Steph Kretowicz heads to Bucharest to get away from Brits abroad and experience a festival with diversity!
Smack bang in the middle of a Southeast European heatwave the sixth edition of Romania’s B’estfest festival on the outskirts of Bucharest aspires to the global stage. Major sponsorship is spread across the Tunari lot, seven stages and even a newsstand featuring copies of the UK’s OK magazine. One wonders who of the crowd, still hosting mostly locals with rarely a native English speaker within earshot, is going to read about Drew Barrymore’s wedding. But, considering the bulk of roughly 1,500-strong crowd is pretty good with English (probably Spanish and French too), British Islanders are reminded of their own tepid mono-lingualism and narrow perspective on global music (eeeeek - Ed).
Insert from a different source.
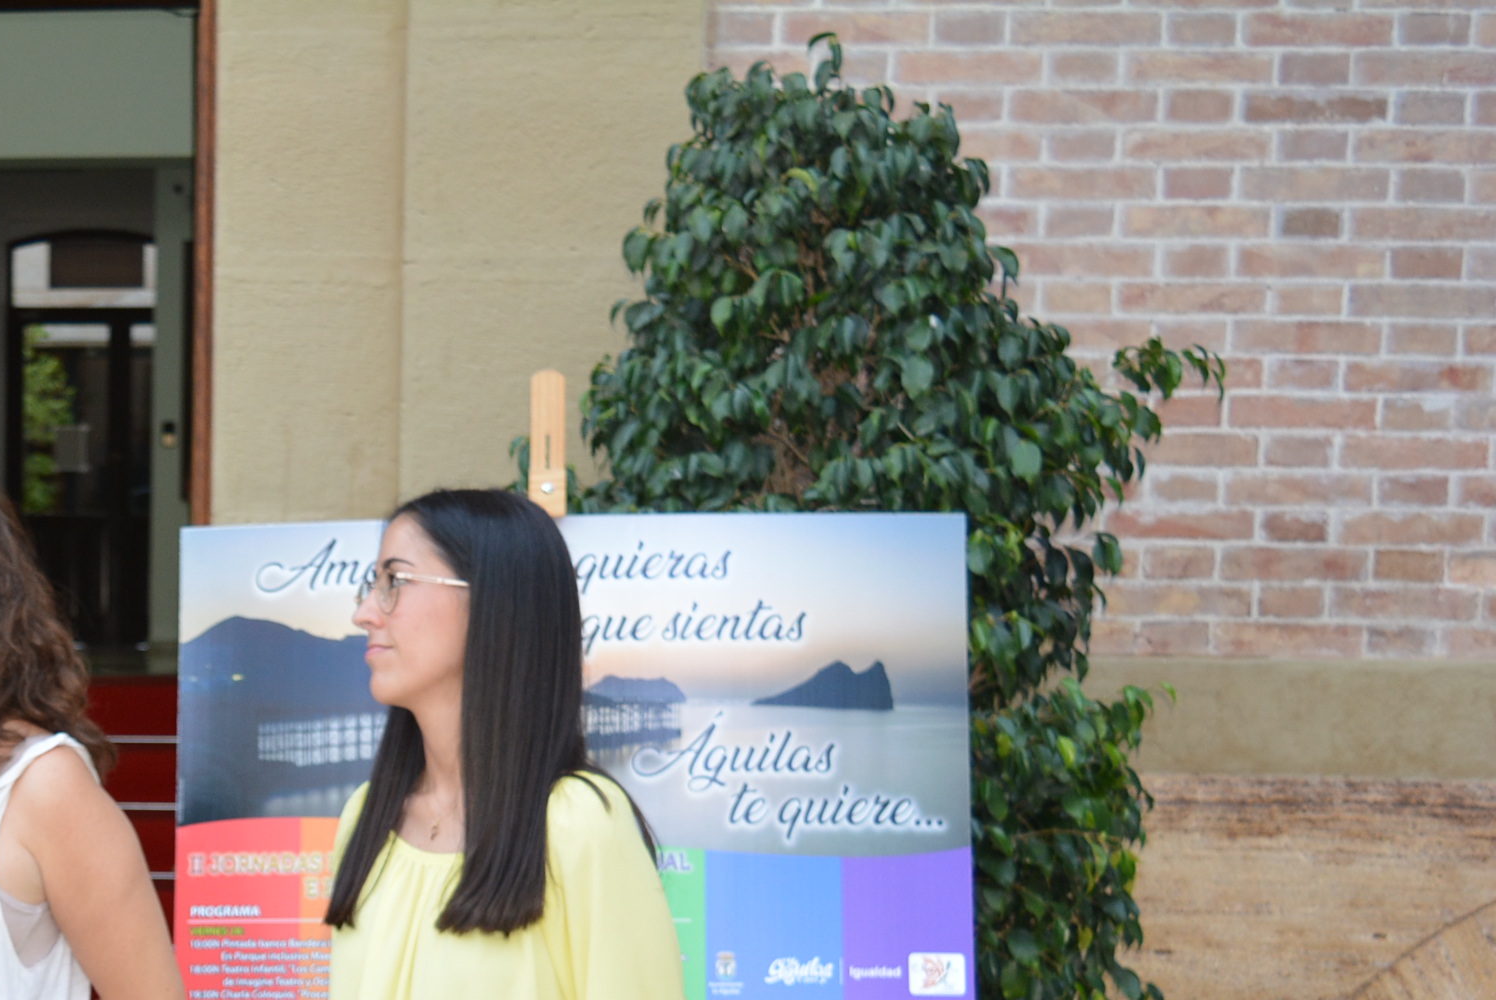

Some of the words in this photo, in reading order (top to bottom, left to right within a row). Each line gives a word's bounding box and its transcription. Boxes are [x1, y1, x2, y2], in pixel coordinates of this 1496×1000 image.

Going over three intense nights of festivities, curation spans from Czech/US bagpipe punk to Romanian reggae. Diversity is key to a line up catering for electronic at the Freedom Dance Arena, local young ones at the Romania Future Heroes Stage, plus punk and black metal, for those inclined, a little further out. The bigger acts are split between the two main stages sponsored by a beer and a soft drink, while a personal favourite is the Blazing Vibez stage, next to a lake, some hammocks and a Chilean wine stand for enjoying some chilled red and cool dub and dancehall.
The Romance roots of the local language lends itself well to the tones and inflections of turntablism and dark beats of Parazitii, as well as the gangsta rap of B.U.G. Mafia to follow. Their popularity among locals, due in part to their caustic political commentary, is further proof of the universal nature of hip hop as a force for social change even this far east. Local indie rock like The MOOod, with its hybrid Strokes and Limp Bizkit influences –plus some Blood Brothers vocals thrown in there –doesn’t fair so well in the fans department. Perhaps it’s the fact they sing mostly in English and emulate their Western counterparts but The MOOod and late announcement Mono Jacks are relegated to earlier time slots.
It’s the electronic audiences that are split on the last night between the spectacular laser show and caddish anecdotes of Jarvis Cocker and Britpop icons Pulp, with the nascent dubstep hardrock of UK Modestep in the Freedom dance arena –if you’re not a fan of Linkin Park, don’t bother. Then there’s Welsh ska/metal hybrid Skindred and gaudy, dread-locked front man Benji Webb. He resembles a glam metal Lady Gaga, whose flamboyantly provocative humour doesn’t wash so well with a polite Romanian audience, when he follows up Dutch jazz singer Caro Emerald’s set with, “Did you see that fucking ass?”
There’s a similar sense of unease induced standing between the heavy metal Jagermeister Stage and the downbeat Blazing Vibez at any given moment. The clash of sentiments feels like parallel universes colliding, while the bizarre image of a group of Romanian ‘Draculas’ bikers setting up a merchandise tent between them is even weirder.
Meanwhile, Caro Emerald carries the mantle for post-Amy Winehouse Europe, after cute-as-a-button Belgian Selah Sue. The latter’s ragga soul with a Germanic touch proves the better of the two, especially with hit song ‘This World’. That said it’s as if the whole world has got a whiff of the reggae bug, from Skindred’s surprisingly compatible ska/hardcore hybrid to Romanian folk-infused dub of East Roots. There’s even some of that skanking rhythm in new Garbage track ‘Blood For Poppies’ but, despite the requisite intrusion of distinctly Garbage-esque industrial guitar noise, it’s still tracks like ‘Stupid Girl’, ‘Queer’ and ‘Cherry Lips’ any 80s baby would actually appreciate.
Apart from the overwhelming buffet of music on offer, there’s still a cinema, a fun park, acrobatics, bungee jumping and an impulse tattoo container (eureka!) to contend with. The tent land accommodating for the distance from the Bucharest city centre hasn’t quite taken off yet and those lucky enough to have a hotel room are grateful for it. Yet, there’s something about the continental heat and the languor it conjures that makes beer drinking that much more enticing and it’s just as well because it costs barely a pound. The lines are not long, the place is relaxed and the people are courteous. Add to that a grilled meat Mititei plus a wine and soda Sprit and you’ve pretty much got it made.